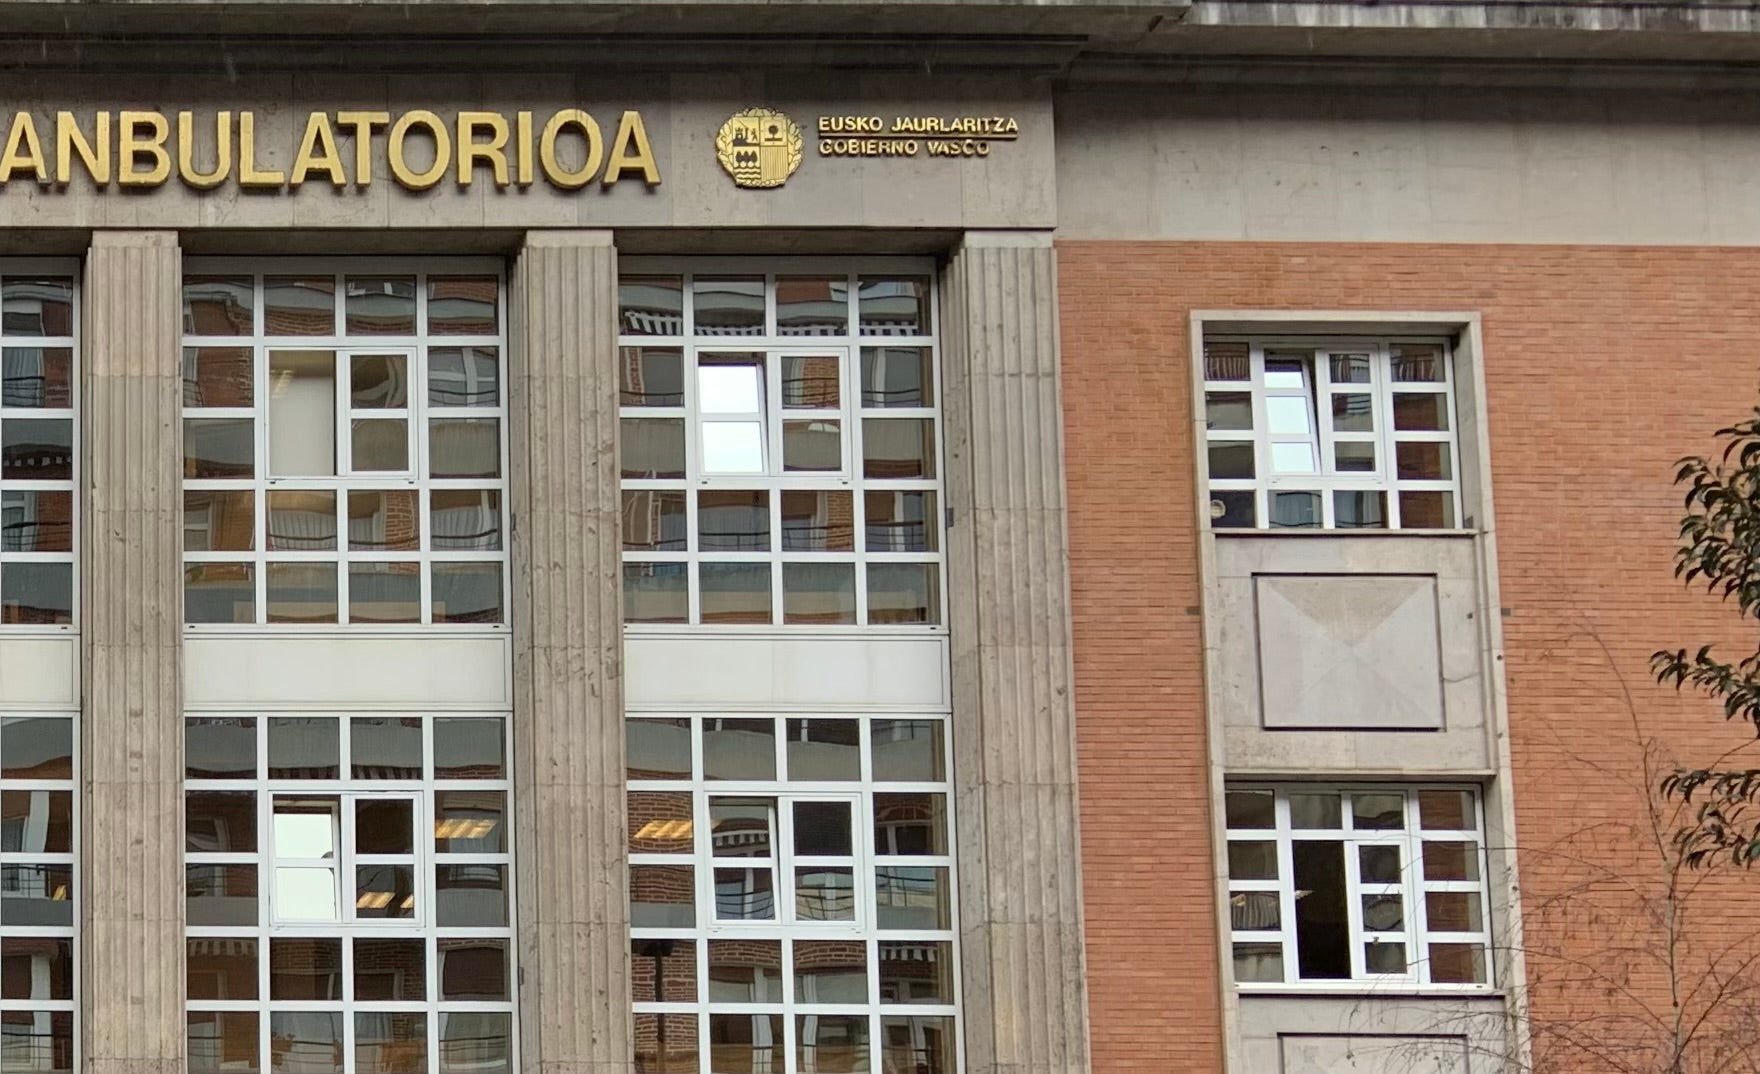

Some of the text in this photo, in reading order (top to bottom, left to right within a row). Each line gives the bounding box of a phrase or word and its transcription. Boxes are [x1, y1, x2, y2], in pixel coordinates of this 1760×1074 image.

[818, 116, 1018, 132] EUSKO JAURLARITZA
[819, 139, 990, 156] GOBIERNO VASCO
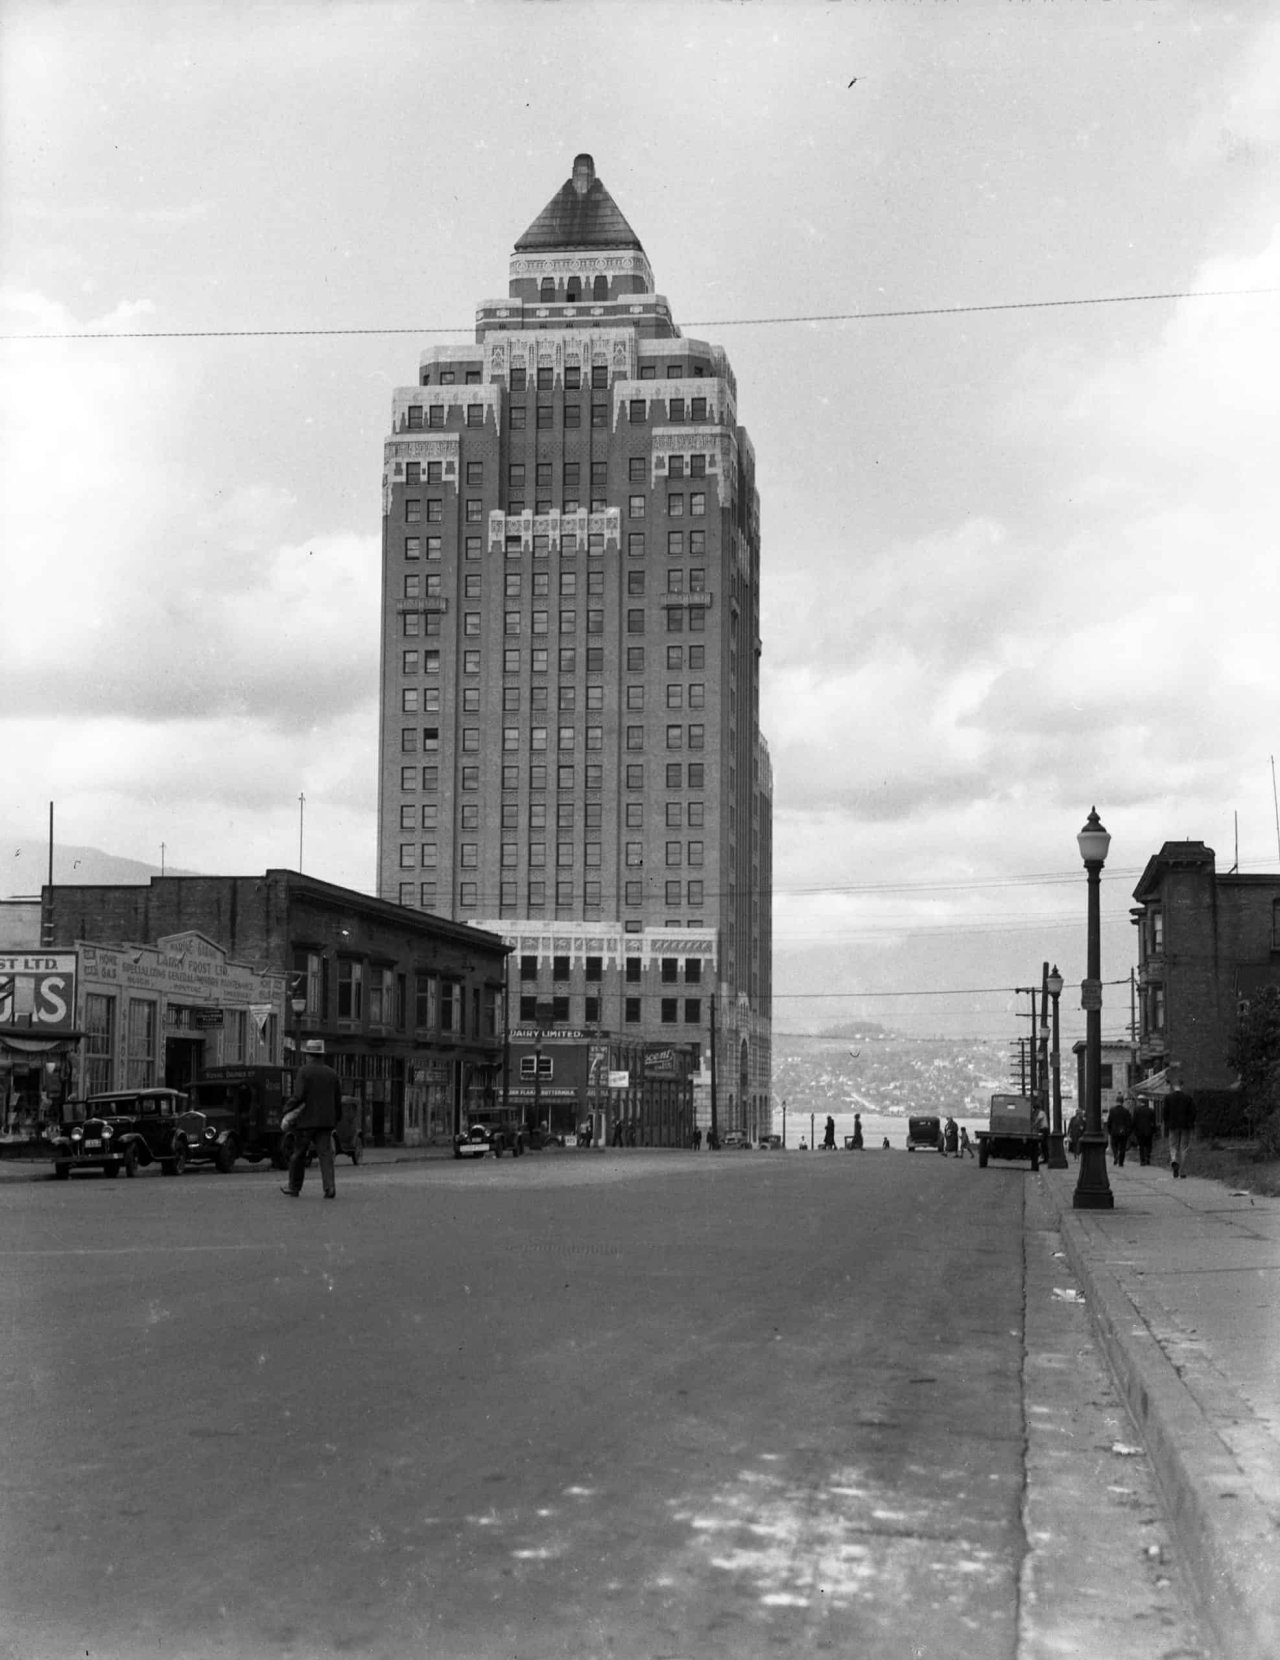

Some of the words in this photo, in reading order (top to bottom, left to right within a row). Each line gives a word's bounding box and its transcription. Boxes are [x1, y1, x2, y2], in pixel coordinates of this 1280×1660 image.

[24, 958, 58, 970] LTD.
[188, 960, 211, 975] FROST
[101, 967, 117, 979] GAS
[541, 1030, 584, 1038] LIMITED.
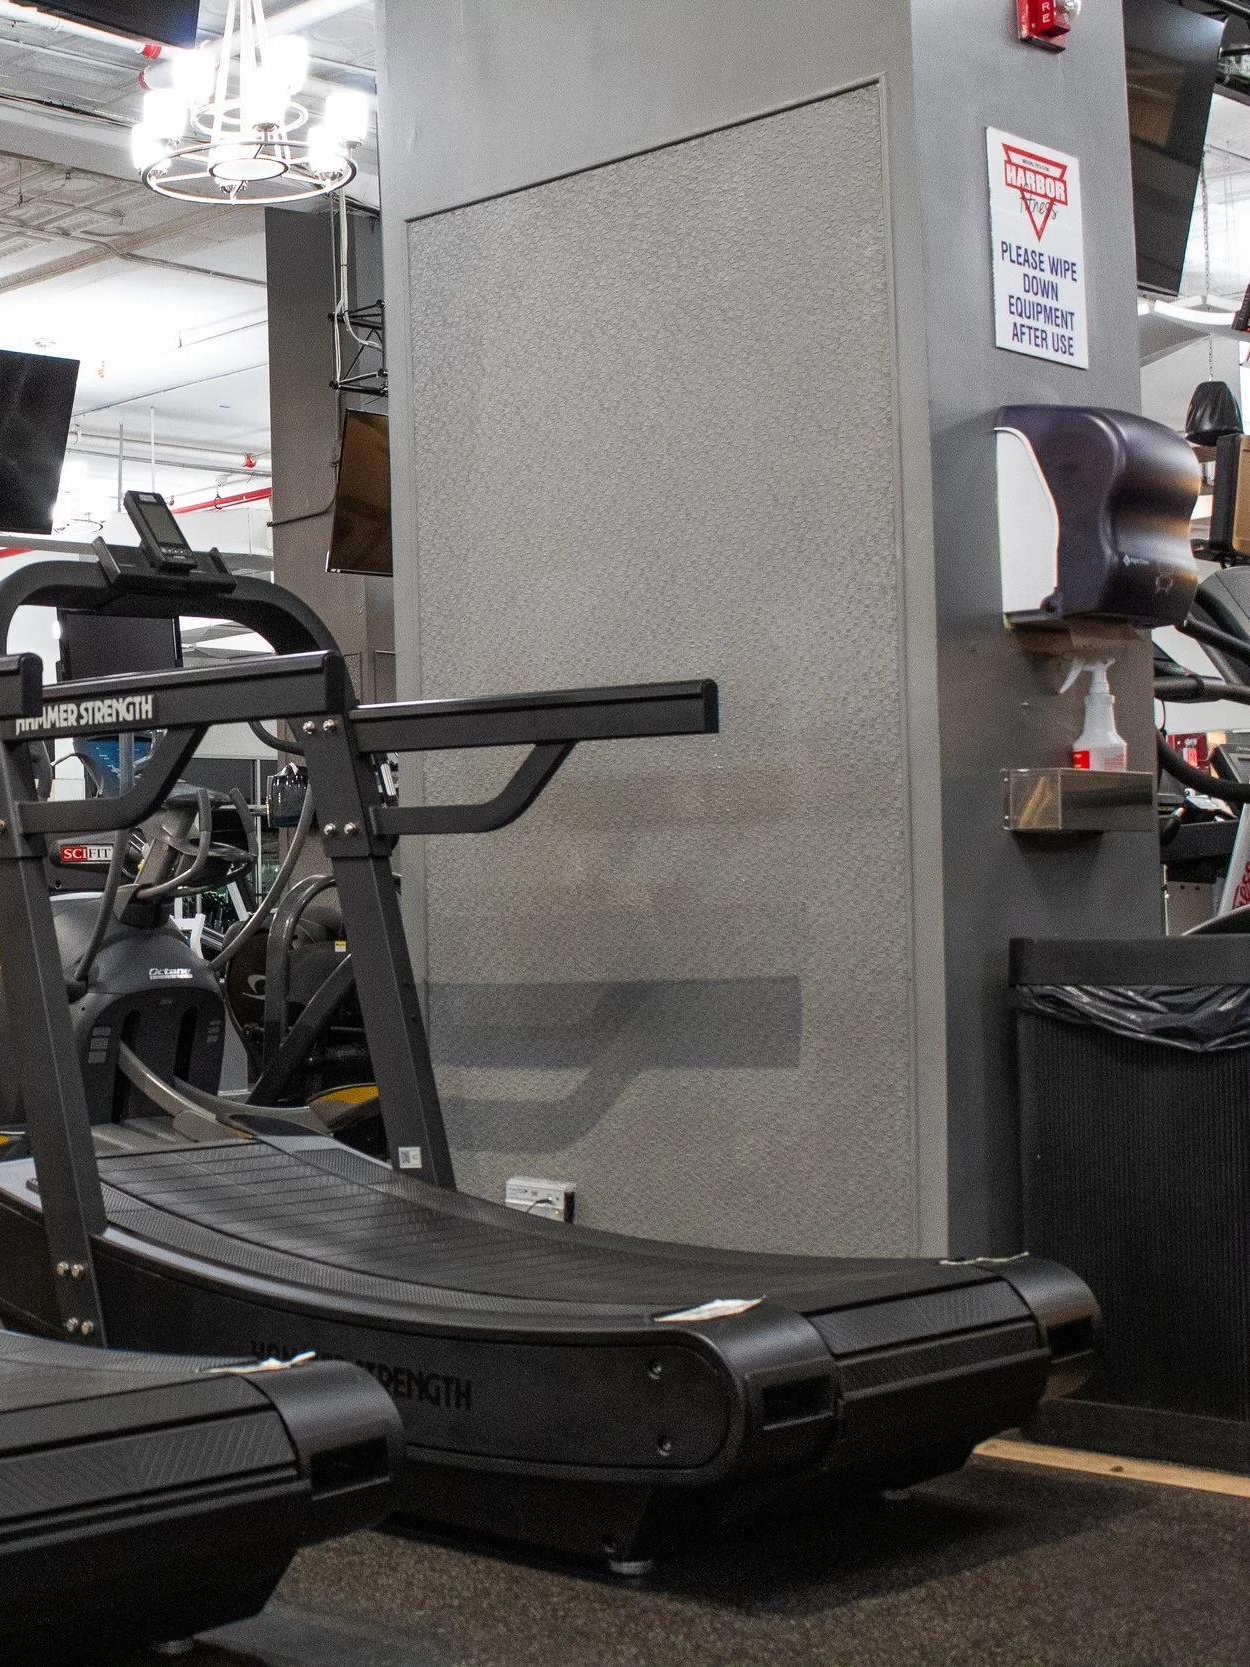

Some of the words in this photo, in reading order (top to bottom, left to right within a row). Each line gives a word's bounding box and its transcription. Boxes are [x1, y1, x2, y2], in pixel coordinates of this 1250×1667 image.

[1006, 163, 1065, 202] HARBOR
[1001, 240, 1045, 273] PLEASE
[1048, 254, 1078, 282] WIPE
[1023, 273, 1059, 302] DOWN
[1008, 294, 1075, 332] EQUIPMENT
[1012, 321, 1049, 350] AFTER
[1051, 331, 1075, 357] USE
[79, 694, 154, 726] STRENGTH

━━━━━━

▶ **Task directions**:
A word-for-word copy of every entry, with the pictures left out, is the required answer.

▶ **Answer box**:
Some of the text in this photo, in reading order (top to bottom, left to right within a row). Each line gives the bounding box of a phrase or word and its transcription. Boxes are [x1, y1, x2, y2], in pixel coordinates of this 1760×1074 image.

[818, 116, 1018, 132] EUSKO JAURLARITZA
[819, 139, 990, 156] GOBIERNO VASCO

Some of the words in this photo, in reading order (top to bottom, left to right within a row). Each line gives a word's bounding box and its transcription. Boxes are [x1, y1, x2, y2], in pixel coordinates of this 1280×1660 image.

[24, 958, 58, 970] LTD.
[188, 960, 211, 975] FROST
[101, 967, 117, 979] GAS
[541, 1030, 584, 1038] LIMITED.

Some of the words in this photo, in reading order (top to bottom, left to right within a row). Each line gives a word's bounding box and its transcription. Boxes are [x1, y1, x2, y2], in pixel coordinates of this 1250×1667 image.

[1006, 163, 1065, 202] HARBOR
[1001, 240, 1045, 273] PLEASE
[1048, 254, 1078, 282] WIPE
[1023, 273, 1059, 302] DOWN
[1008, 294, 1075, 332] EQUIPMENT
[1012, 321, 1049, 350] AFTER
[1051, 331, 1075, 357] USE
[79, 694, 154, 726] STRENGTH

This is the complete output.